[[ Data section, beginning ]]
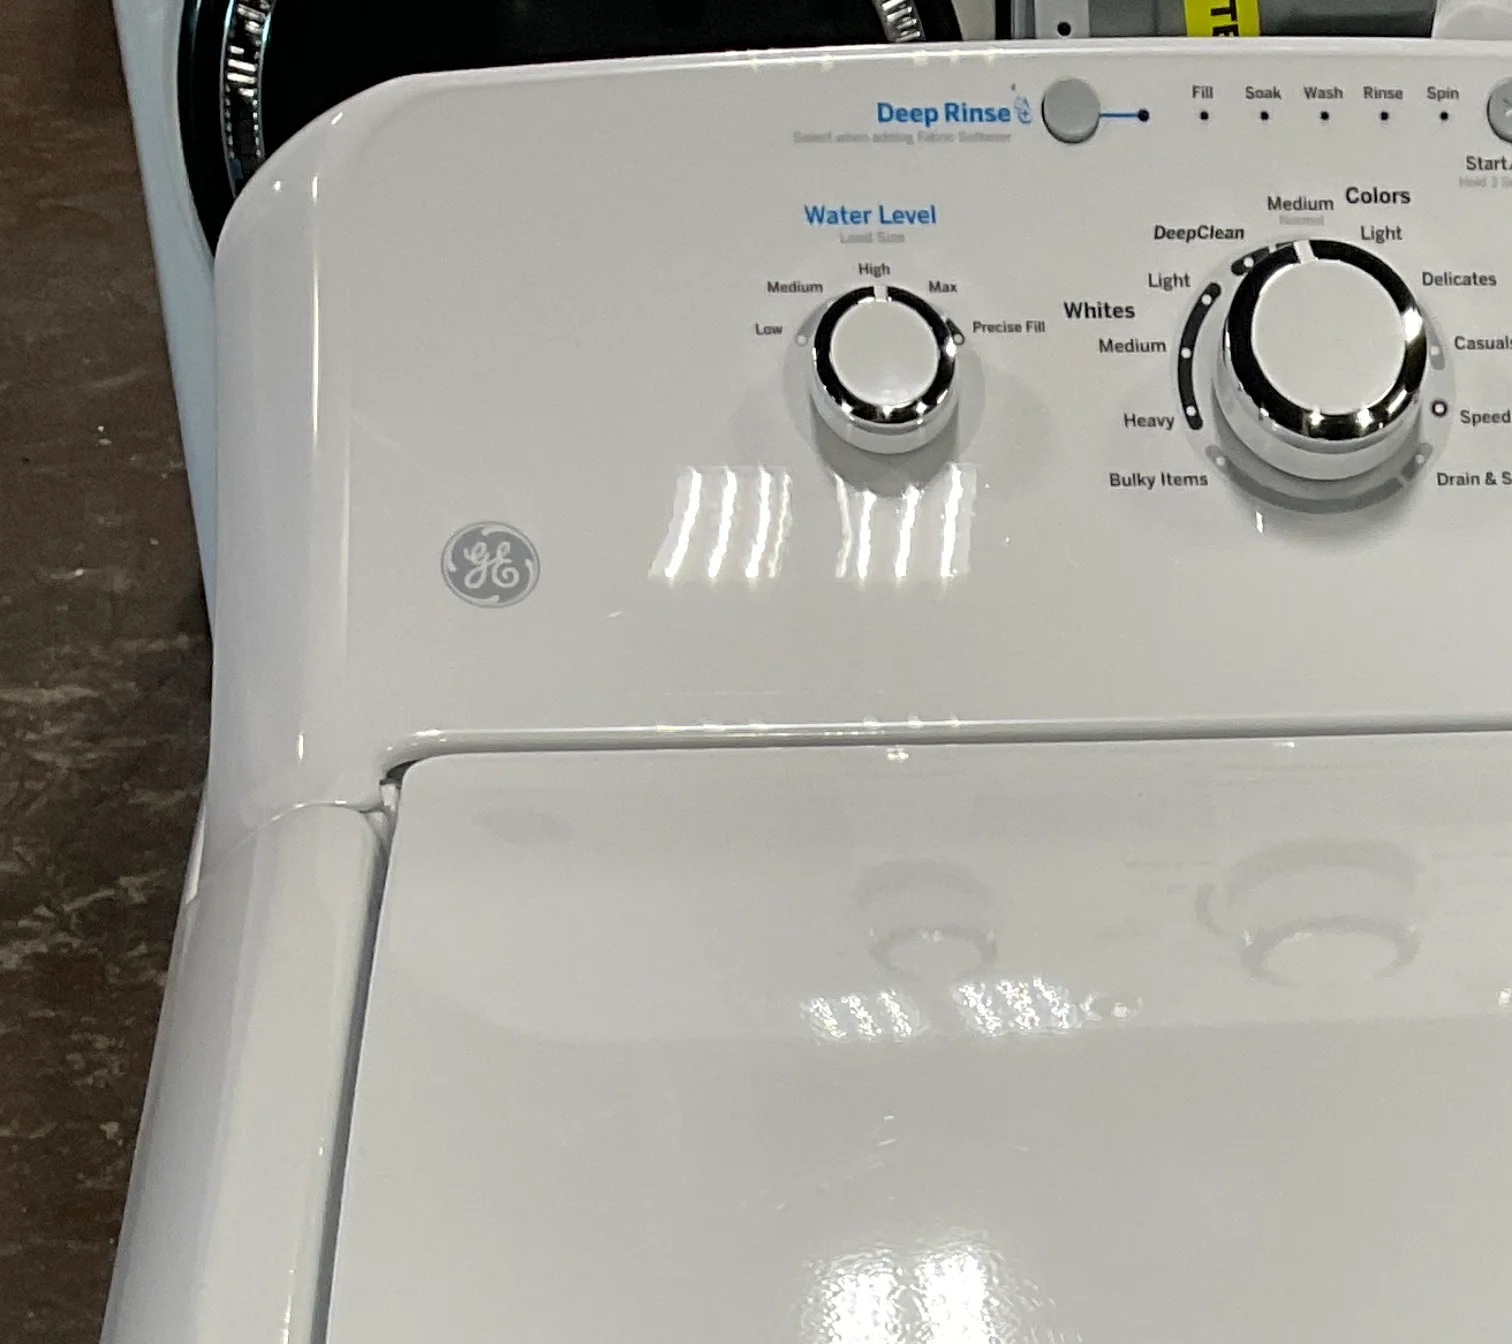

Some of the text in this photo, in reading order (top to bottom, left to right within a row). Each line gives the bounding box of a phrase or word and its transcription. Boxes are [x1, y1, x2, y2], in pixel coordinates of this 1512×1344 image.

[1192, 84, 1214, 99] Fill
[1245, 85, 1282, 100] Soak
[1303, 86, 1344, 100] Wash
[1363, 85, 1404, 100] Rinse
[1426, 85, 1460, 102] Spin
[877, 102, 1011, 128] Deep Rinse
[1267, 195, 1334, 212] Medium
[1345, 186, 1411, 205] Colors
[804, 204, 937, 225] Water Level
[1153, 224, 1245, 243] DeepClean
[1360, 225, 1403, 245] Light
[858, 262, 891, 279] High
[1421, 271, 1497, 287] Delicates
[766, 280, 824, 294] Medium
[928, 280, 958, 293] Max
[1148, 272, 1191, 292] Light
[1063, 301, 1136, 319] Whites
[754, 323, 783, 336] Low
[972, 320, 1046, 334] Precise Fill
[1098, 338, 1167, 354] Medium
[1123, 413, 1175, 431] Heavy
[1459, 409, 1512, 427] Speed
[1109, 472, 1209, 490] Bulky Items
[1436, 472, 1481, 487] Drain
[1484, 471, 1497, 486] &
[[ Data section, end ]]
**Exercise directions:** Repeat the records above exactly, without pictures.

**Task result:**
Some of the text in this photo, in reading order (top to bottom, left to right within a row). Each line gives the bounding box of a phrase or word and its transcription. Boxes are [x1, y1, x2, y2], in pixel coordinates of this 1512×1344 image.

[1192, 84, 1214, 99] Fill
[1245, 85, 1282, 100] Soak
[1303, 86, 1344, 100] Wash
[1363, 85, 1404, 100] Rinse
[1426, 85, 1460, 102] Spin
[877, 102, 1011, 128] Deep Rinse
[1267, 195, 1334, 212] Medium
[1345, 186, 1411, 205] Colors
[804, 204, 937, 225] Water Level
[1153, 224, 1245, 243] DeepClean
[1360, 225, 1403, 245] Light
[858, 262, 891, 279] High
[1421, 271, 1497, 287] Delicates
[766, 280, 824, 294] Medium
[928, 280, 958, 293] Max
[1148, 272, 1191, 292] Light
[1063, 301, 1136, 319] Whites
[754, 323, 783, 336] Low
[972, 320, 1046, 334] Precise Fill
[1098, 338, 1167, 354] Medium
[1123, 413, 1175, 431] Heavy
[1459, 409, 1512, 427] Speed
[1109, 472, 1209, 490] Bulky Items
[1436, 472, 1481, 487] Drain
[1484, 471, 1497, 486] &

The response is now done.